=== Begin Enclosure ===

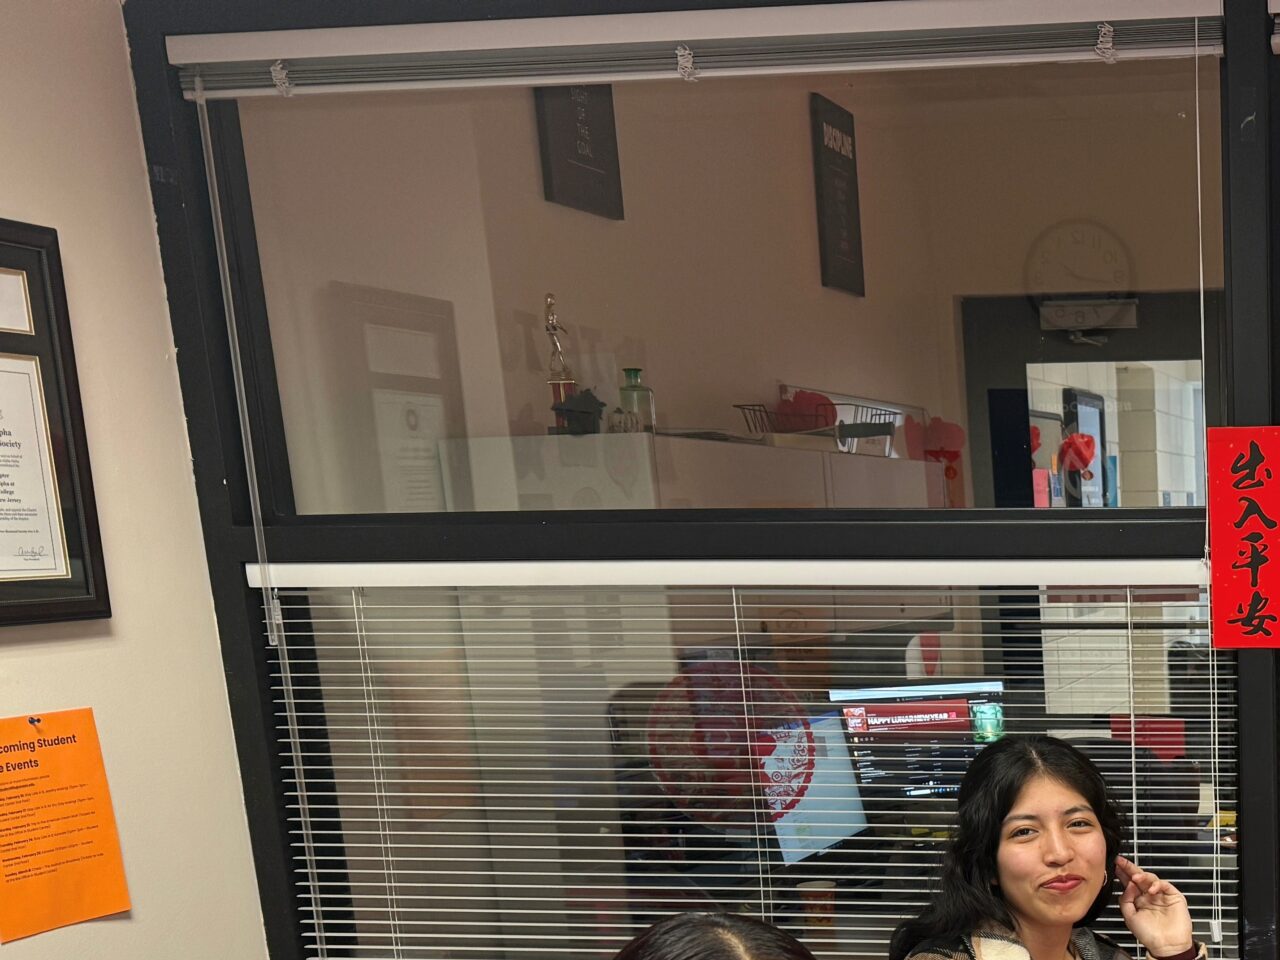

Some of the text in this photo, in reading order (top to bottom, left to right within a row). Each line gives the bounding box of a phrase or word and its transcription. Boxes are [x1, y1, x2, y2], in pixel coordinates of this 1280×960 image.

[823, 121, 853, 160] DISCIPLINE
[1227, 440, 1278, 637] 出入平安
[867, 712, 949, 725] HAPPY LUNAR NEW YEAR
[37, 734, 77, 748] Student
[5, 759, 39, 772] Events
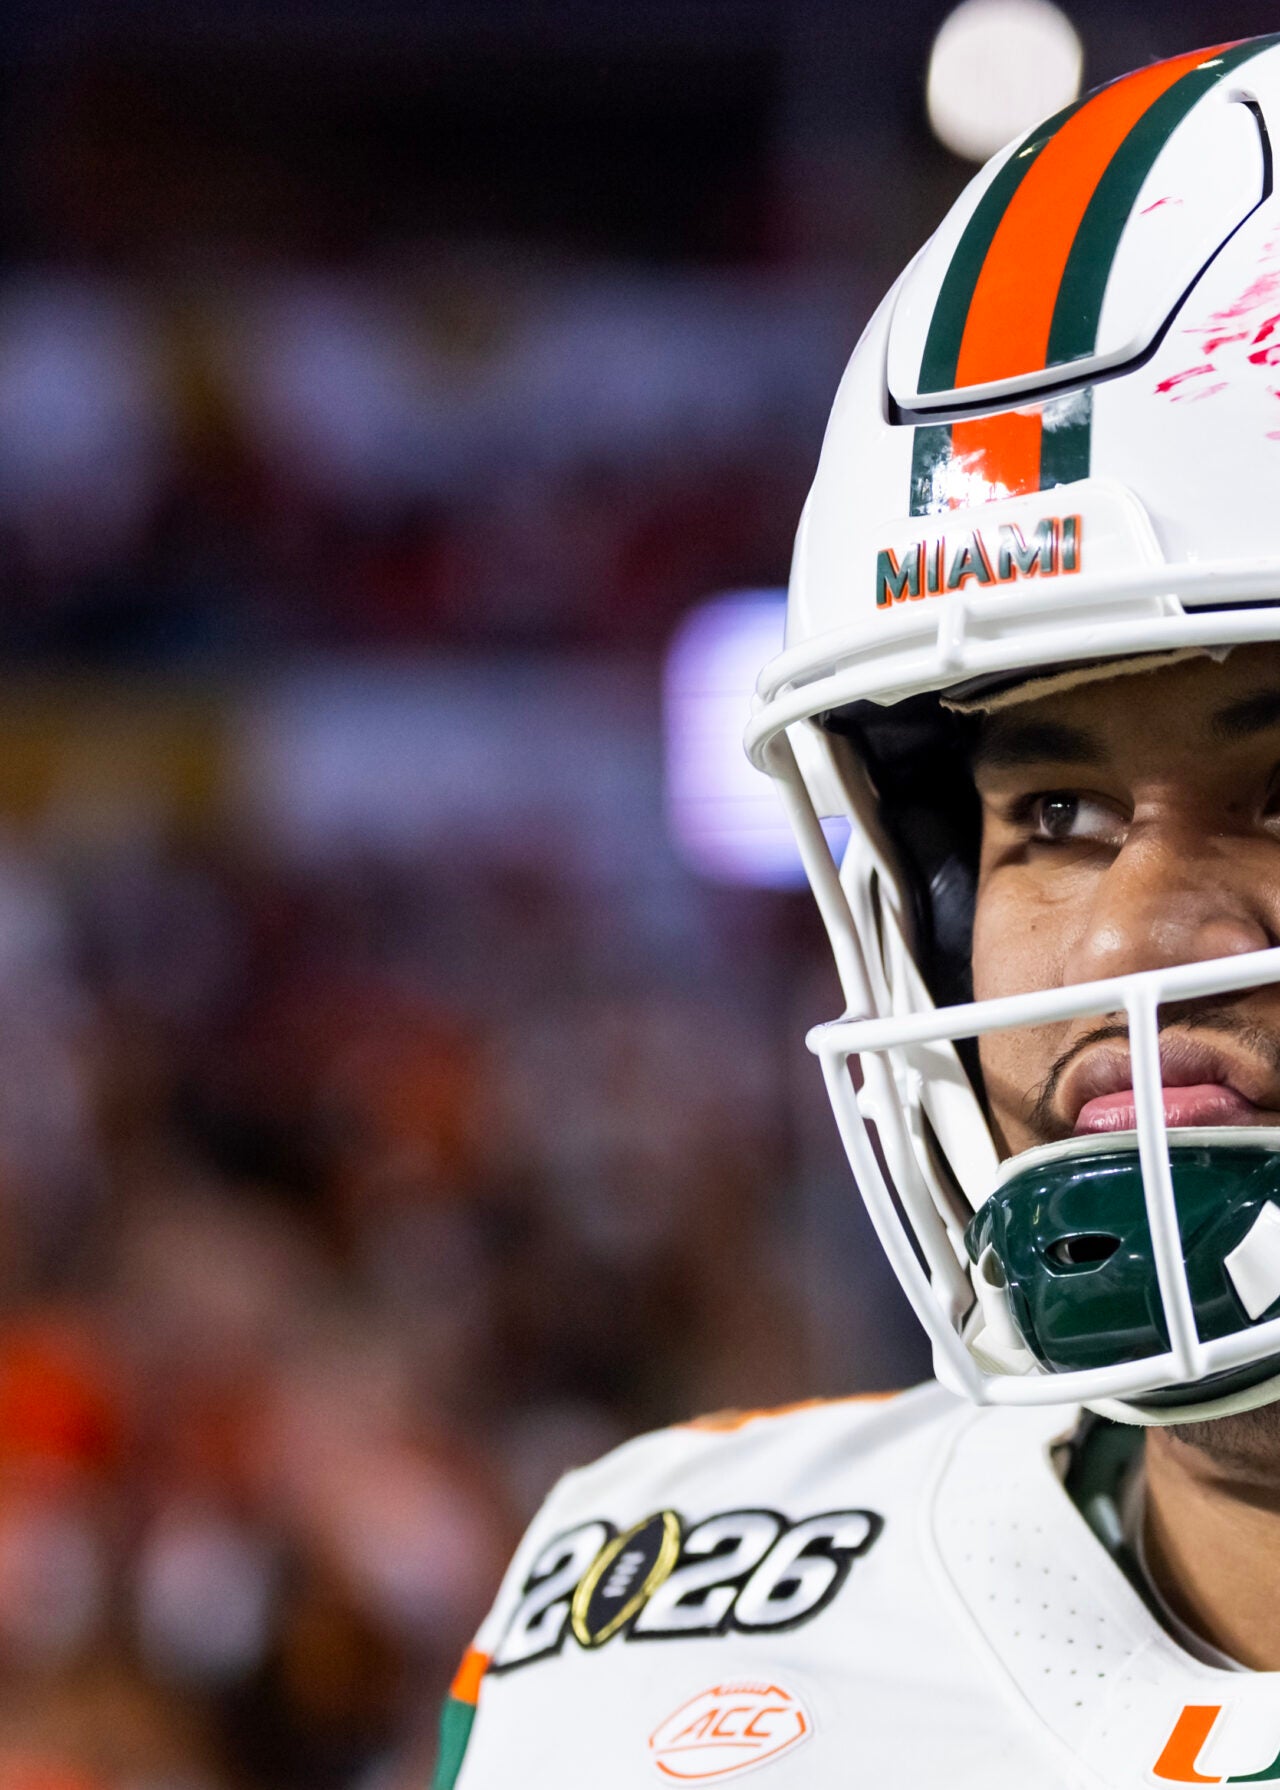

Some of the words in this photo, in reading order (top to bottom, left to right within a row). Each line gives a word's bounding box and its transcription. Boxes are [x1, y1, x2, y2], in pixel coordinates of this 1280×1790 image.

[876, 514, 1082, 609] MIAMI
[487, 1508, 885, 1676] 2026
[670, 1706, 790, 1744] ACC
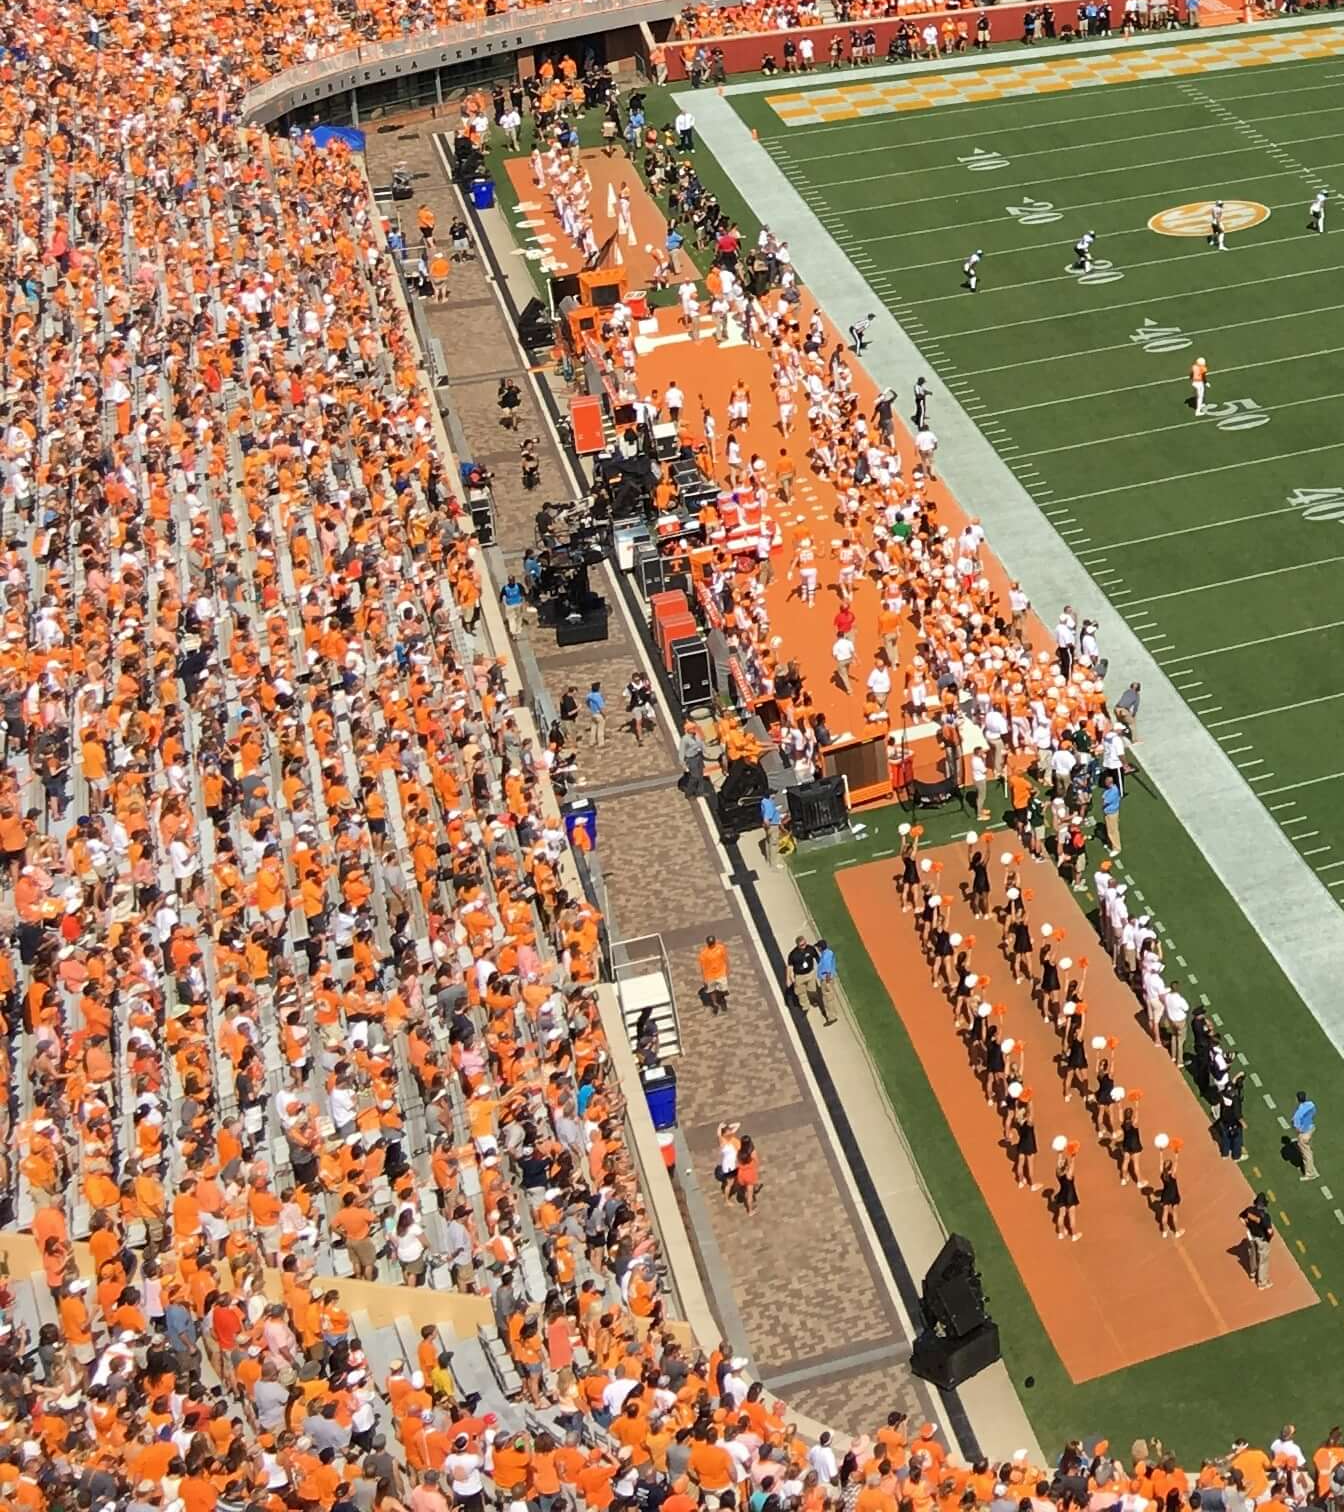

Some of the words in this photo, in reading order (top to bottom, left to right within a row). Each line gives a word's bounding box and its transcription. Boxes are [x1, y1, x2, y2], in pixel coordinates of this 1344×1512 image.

[440, 36, 523, 62] CENTER
[1005, 201, 1064, 224] 20
[1129, 326, 1194, 353] 40
[1200, 397, 1272, 432] 50

=== End Enclosure ===

▸ **WHAT YOU SHOULD DO**
Reproduce the full listing faithfully, but do not carry over any pictures.

▸ **OUTPUT FOR THIS TASK**
Some of the text in this photo, in reading order (top to bottom, left to right within a row). Each line gives the bounding box of a phrase or word and its transcription. Boxes are [x1, y1, x2, y2], in pixel coordinates of this 1280×960 image.

[823, 121, 853, 160] DISCIPLINE
[1227, 440, 1278, 637] 出入平安
[867, 712, 949, 725] HAPPY LUNAR NEW YEAR
[37, 734, 77, 748] Student
[5, 759, 39, 772] Events

Some of the words in this photo, in reading order (top to bottom, left to right within a row). Each line gives a word's bounding box and its transcription. Boxes are [x1, y1, x2, y2], in pixel coordinates of this 1280×1790 image.

[876, 514, 1082, 609] MIAMI
[487, 1508, 885, 1676] 2026
[670, 1706, 790, 1744] ACC

Some of the words in this photo, in reading order (top to bottom, left to right within a row). Each line gives a word's bounding box and its transcription. Boxes are [x1, y1, x2, y2], in pixel coordinates of this 1344×1512 image.

[440, 36, 523, 62] CENTER
[1005, 201, 1064, 224] 20
[1129, 326, 1194, 353] 40
[1200, 397, 1272, 432] 50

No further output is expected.